To reflect the status quo of post-quantum cryptography, we invite leading experts in this area to contribute three technical perspectives that aim to help readers understand the algorithms, the underlying basic techniques and different technical routes to achieve quantum resistance.
The first perspective, presented by Lu and Zhang, introduces public-key cryptographic algorithms whose quantum security is reducible from the conjectured quantum hardness of lattice problems. In particular, they mainly focus on public-key encryption (PKE) and the key encapsulation mechanism (KEM), which are essential building blocks for securing the confidentiality of communication without pre-shared secrets. Both types of crypto-systems are solicited by the NIST PQC standardization and the CACR algorithm design competition. This perspective gives a comprehensive survey on practical lattice-based PKEs/KEMs, and their best-known quantum and classical attacks.
Another important post-quantum crypto-system is digital signature, which ensures that three goals of information security are met other than confidentiality, namely, integrity, authentication and non-repudiation. The second perspective is on lattice-based signature by Lyubashevsky. In this perspective, he surveys different techniques in building lattice-based post-quantum crypto-systems, discusses the challenges in overcoming performance issues and gives us state-of-the-art digital signature schemes.
In addition to ensuring the ‘static’ security of information in storage and transmission, advanced cryptographic algorithms and protocols can guarantee information security during the computation process (possibly among multiple parties), referred to as privacy-preserving computation. Cryptographic techniques involved in privacy-preserving computation include secure multi-party computation, zero-knowledge proof and fully homomorphic encryption. There is a pressing need to migrate them to the post-quantum era. The third perspective, by Yu and Xie, presents practical instantiations of these algorithms and discusses possible ways to migrate them to their quantum-resistant counterparts.

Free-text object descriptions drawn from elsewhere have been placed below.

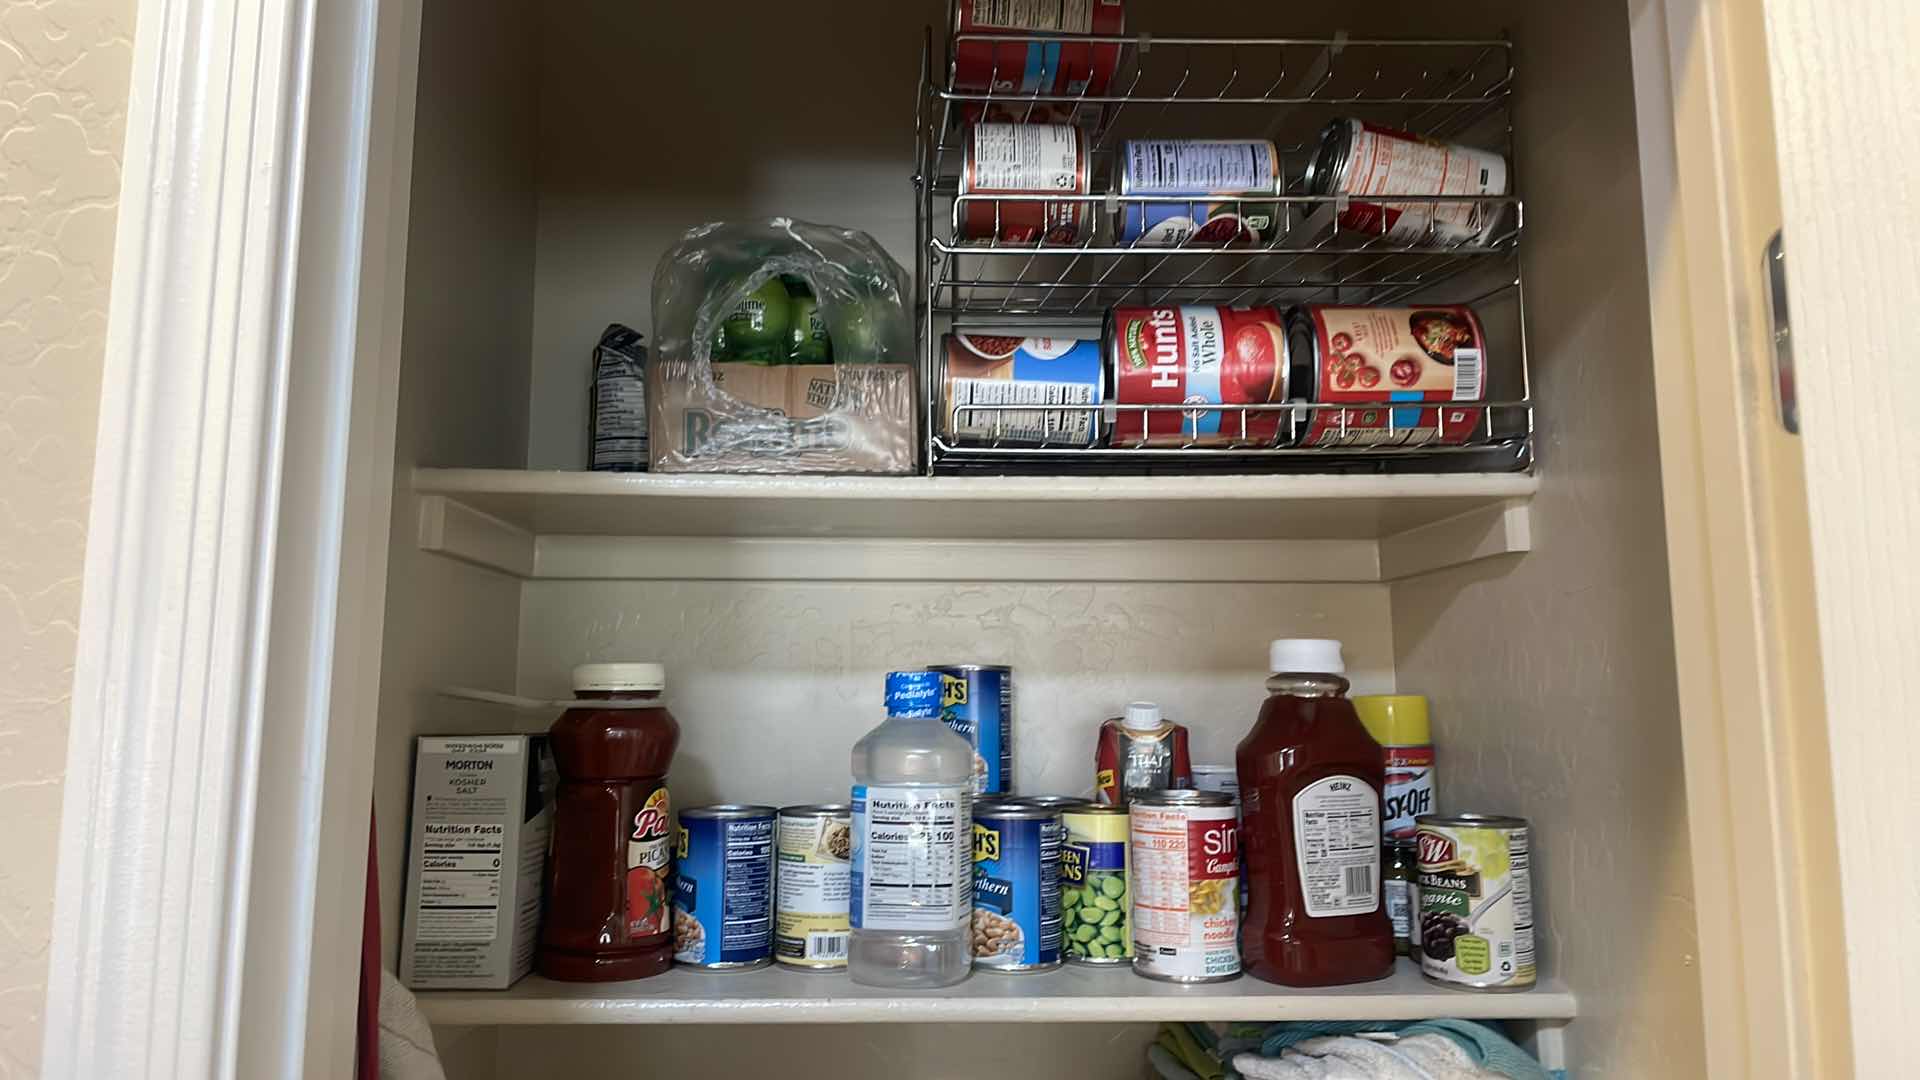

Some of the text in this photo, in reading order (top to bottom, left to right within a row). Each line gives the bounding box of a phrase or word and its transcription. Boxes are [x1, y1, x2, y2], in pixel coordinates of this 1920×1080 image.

[1189, 316, 1200, 373] No Salt Added
[1200, 320, 1216, 365] Whole
[446, 760, 493, 770] MORTON
[456, 786, 478, 794] SALT
[1329, 782, 1352, 792] HEINZ
[924, 801, 955, 809] Facts
[425, 824, 502, 834] Nutrition Facts
[871, 831, 909, 840] Calories
[936, 831, 954, 841] 100
[423, 858, 500, 868] Calories 0
[1430, 874, 1467, 890] BEANS
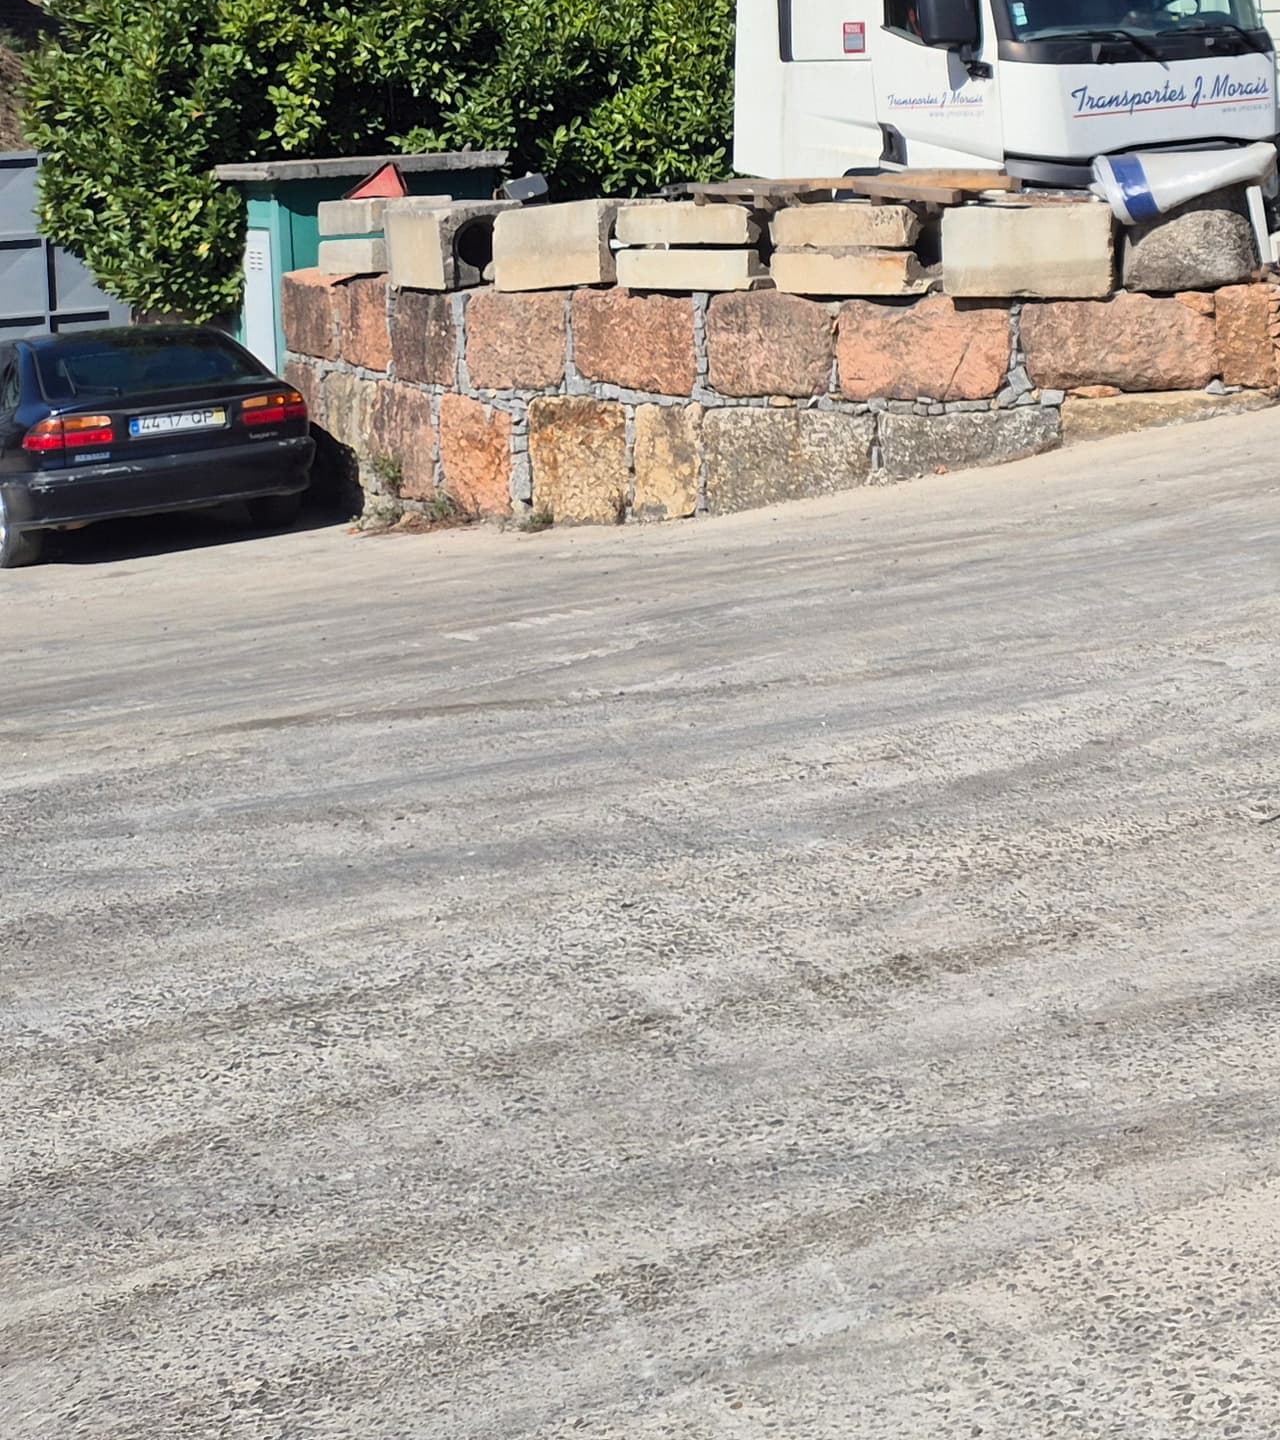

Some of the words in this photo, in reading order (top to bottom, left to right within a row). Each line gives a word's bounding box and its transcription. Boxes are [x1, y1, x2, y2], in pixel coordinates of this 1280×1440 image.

To summarize, post-quantum cryptography has received widespread attention and made significant progress in recent years. Some post-quantum cryptographic algorithms, such as the lattice-based candidate, also have other advantages (e.g., computational efficiency and full homomorphism) over their classical counterparts. Lattice-based cryptography is an emerging field with high theoretical value and wide application, and we encourage young researchers to enter and explore this new and exciting field.